Carrie has found herself in systems where honesty is not the top priority.  As a child Carrie was taken from her mother and put in foster care.  “They will love you like parents.”  Lie #1.  When Carrie quit school she was sent to an institution in Miami, far from her family home in Georgia.  When she aged out of the institution, she was sent back to Georgia and put a state institution. When that closed, she received a waiver to live in the community.  She moved into an apartment and had a job in Atlanta.  “This will be your new home.”  Lie #2

As time went on, Carrie learned that the people providing her services needed to be more cost efficient, so they moved her into a bigger place with the intent of having house mates, a group home.  “You will be able to choose who lives with you.”  Lie #3

Not too long after Carrie moved into this place, others moved in. While Carrie was asked if the others could live there, she felt that no one would listen to her if she said no.

When a disagreement over her property turned into a fight with one of the new resident of the house, Carrie, who had been labeled as having a history of violence (Lie #4), was taken to a mental institution. “This will be for about two weeks.”  Lie #5

Carrie was three months into her two-week stay when she met the citizen advocacy coordinator, who asked her if she was interested in getting back to the group home.  While she did not like it much, it was better than the ward.  That same week some of the staff from the group home came by to see her.  “You can come back as soon as you are ready.  We will store all your belongings so they will be safe.”  The group home closed within weeks, and no one seems to know what happened to Carrie’s belongings.  Lie #6 and Lie # 7.
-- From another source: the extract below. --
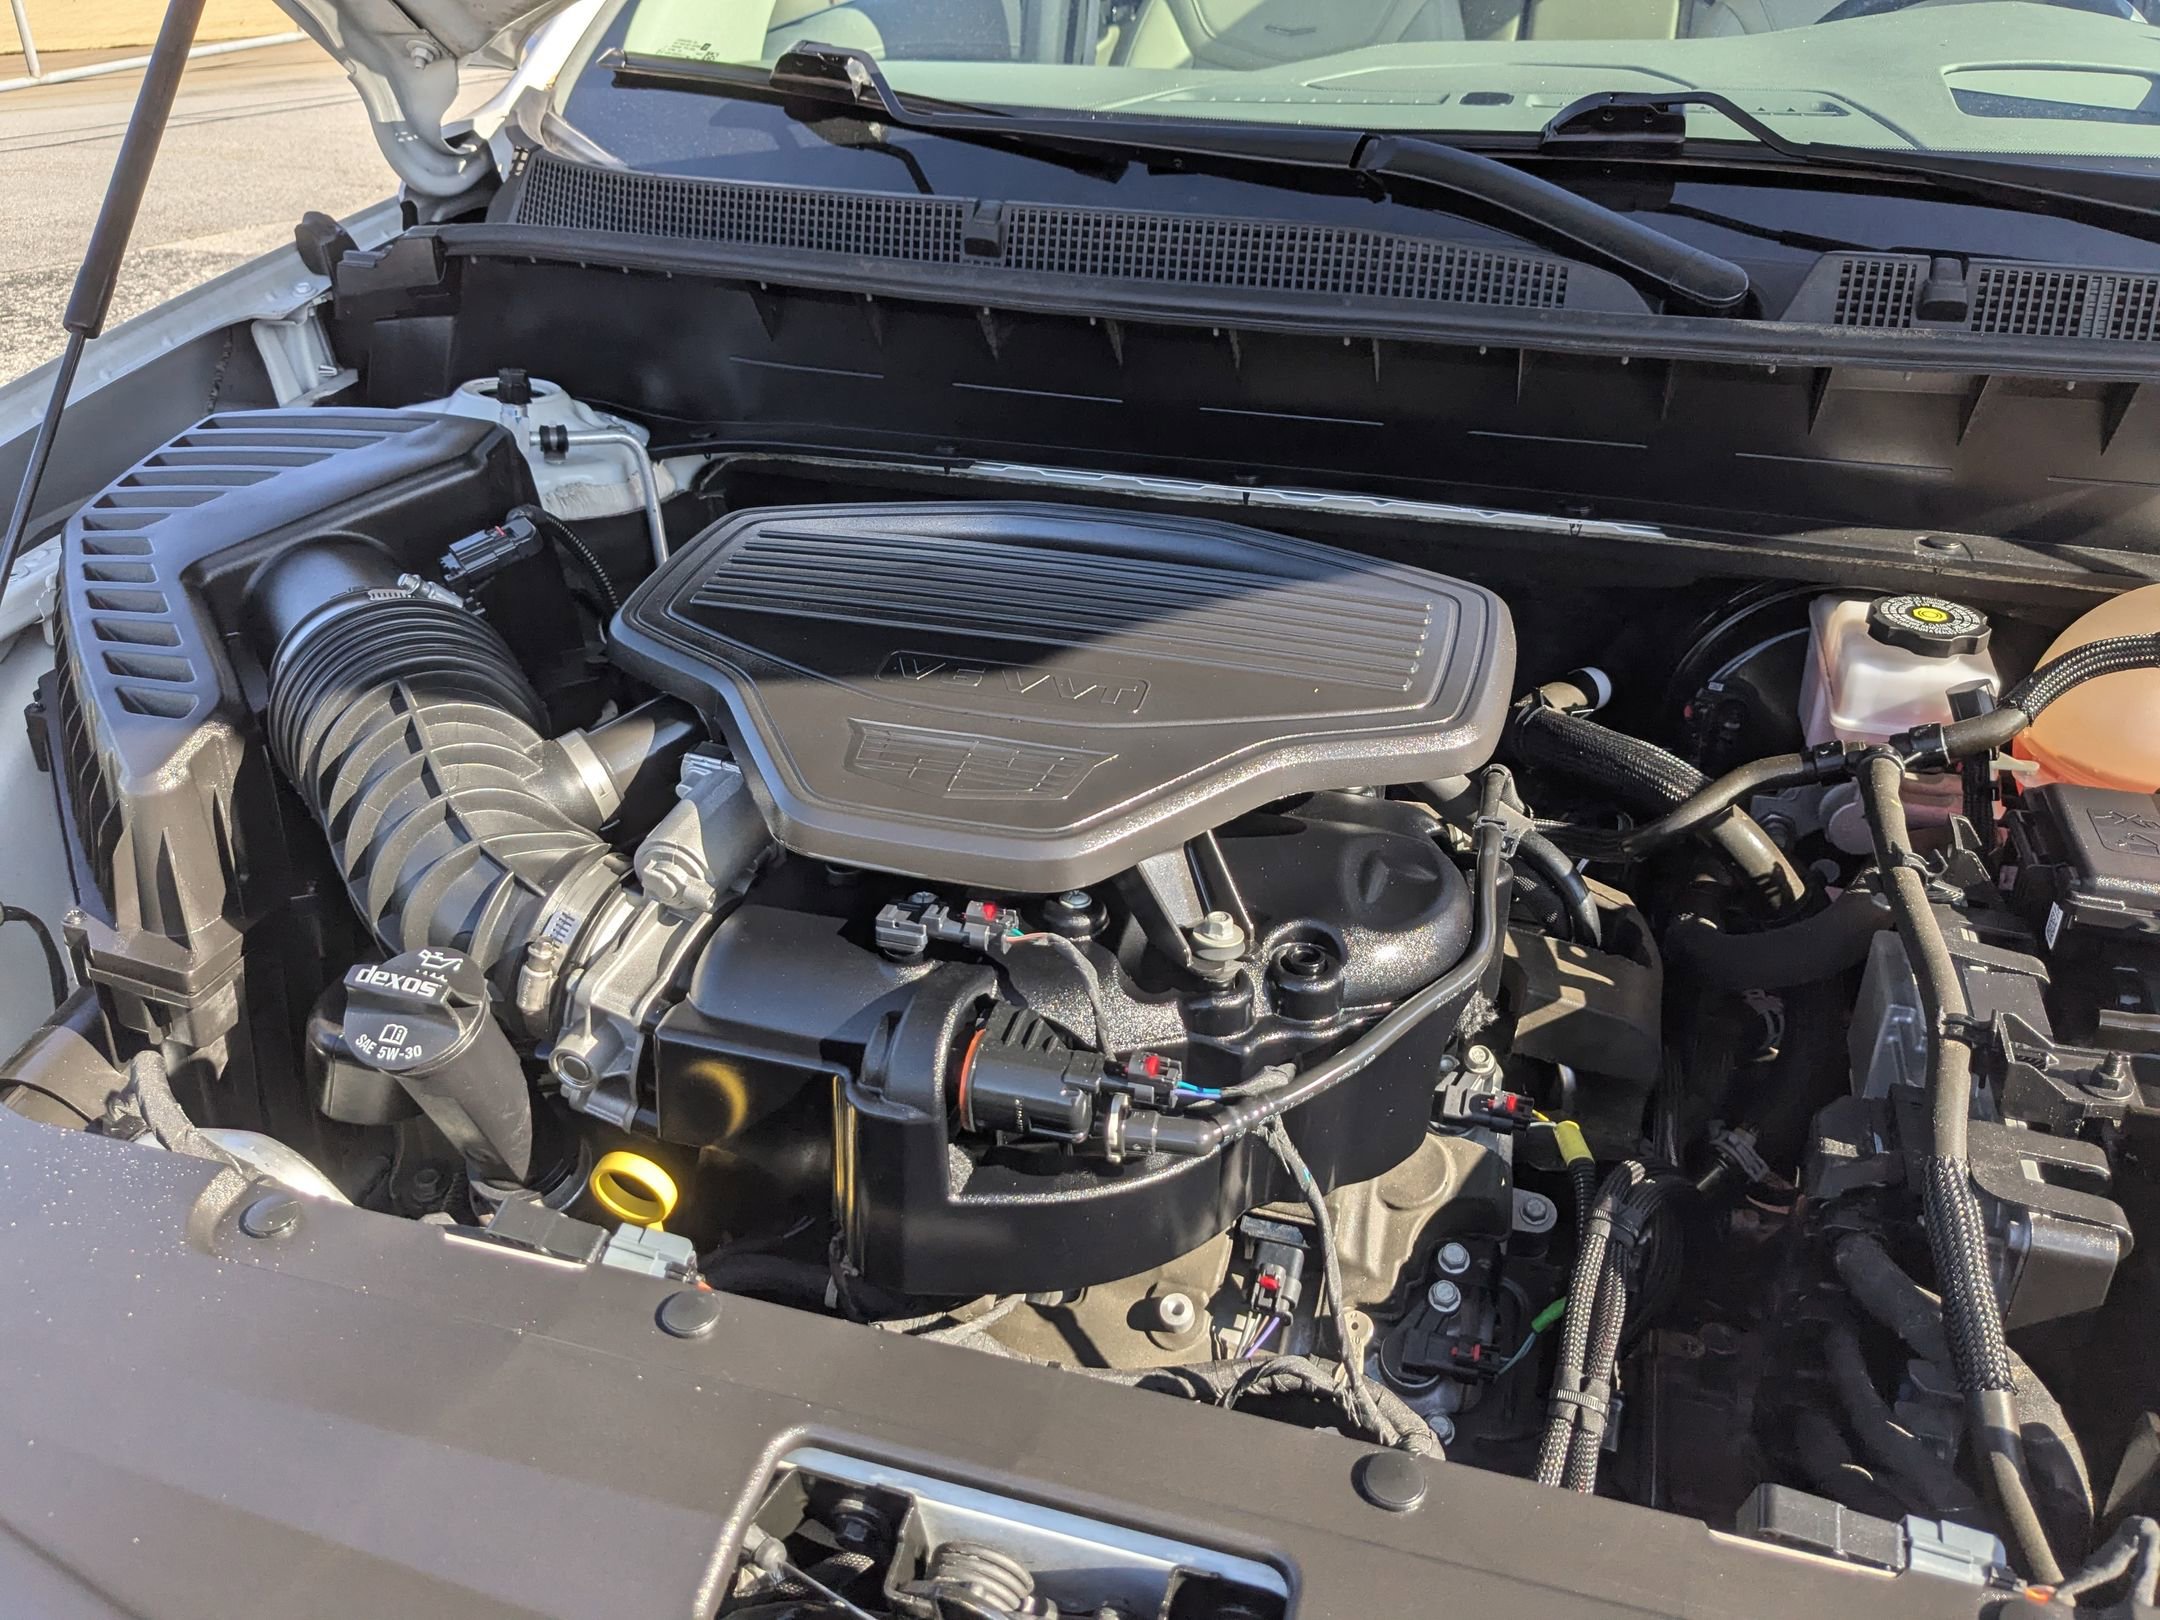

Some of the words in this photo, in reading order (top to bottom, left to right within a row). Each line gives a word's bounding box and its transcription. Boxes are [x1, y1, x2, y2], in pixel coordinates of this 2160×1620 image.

Albert Durney met Carrie not long after that and when he heard the lies, he understood how hard it must be for her to constantly hear them from the people supervising your life.  Albert felt it was important to be honest with Carrie, and she is grateful for that honesty.  Now Albert is along for the search, and he holds a bigger lamp—the lamp that comes from being valued in the community. 

When someone asked that citizen advocacy coordinator why he seemed a bit skeptical about the way services work sometimes, he had to smile and say, “You should meet a woman I have come to know, Carrie Dixon, a modern day Diogenes.”